Task goal:
One exact copy of the listing is needed. It should contain no pictures.

Dataset:
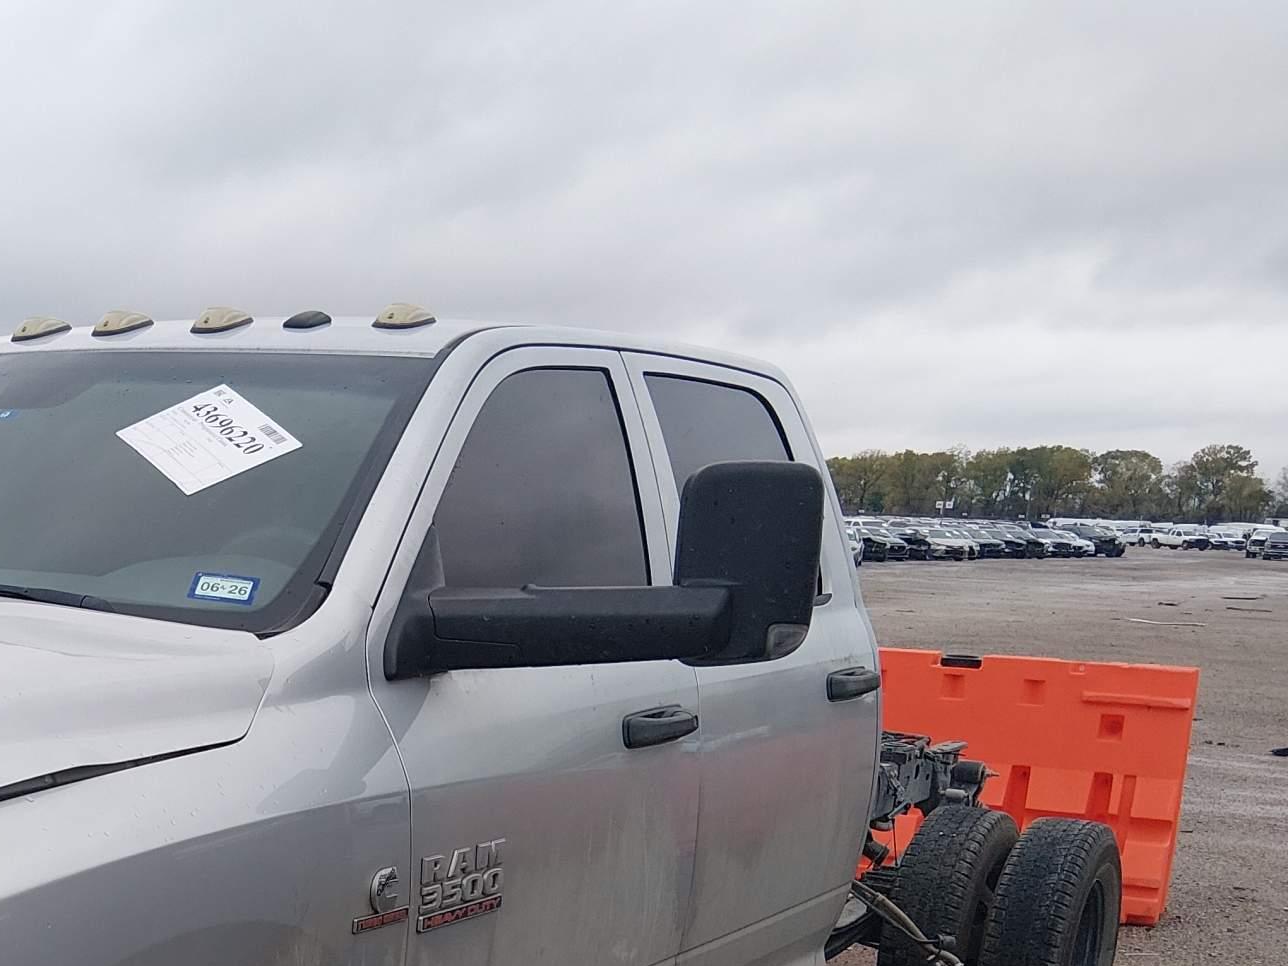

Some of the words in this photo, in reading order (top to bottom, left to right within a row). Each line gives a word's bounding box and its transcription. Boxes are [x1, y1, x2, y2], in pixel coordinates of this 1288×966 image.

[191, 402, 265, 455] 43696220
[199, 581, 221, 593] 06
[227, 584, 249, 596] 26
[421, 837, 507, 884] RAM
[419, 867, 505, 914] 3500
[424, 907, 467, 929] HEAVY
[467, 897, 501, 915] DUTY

Task answer:
Some of the words in this photo, in reading order (top to bottom, left to right within a row). Each line gives a word's bounding box and its transcription. Boxes are [x1, y1, x2, y2], in pixel coordinates of this 1288×966 image.

[191, 402, 265, 455] 43696220
[199, 581, 221, 593] 06
[227, 584, 249, 596] 26
[421, 837, 507, 884] RAM
[419, 867, 505, 914] 3500
[424, 907, 467, 929] HEAVY
[467, 897, 501, 915] DUTY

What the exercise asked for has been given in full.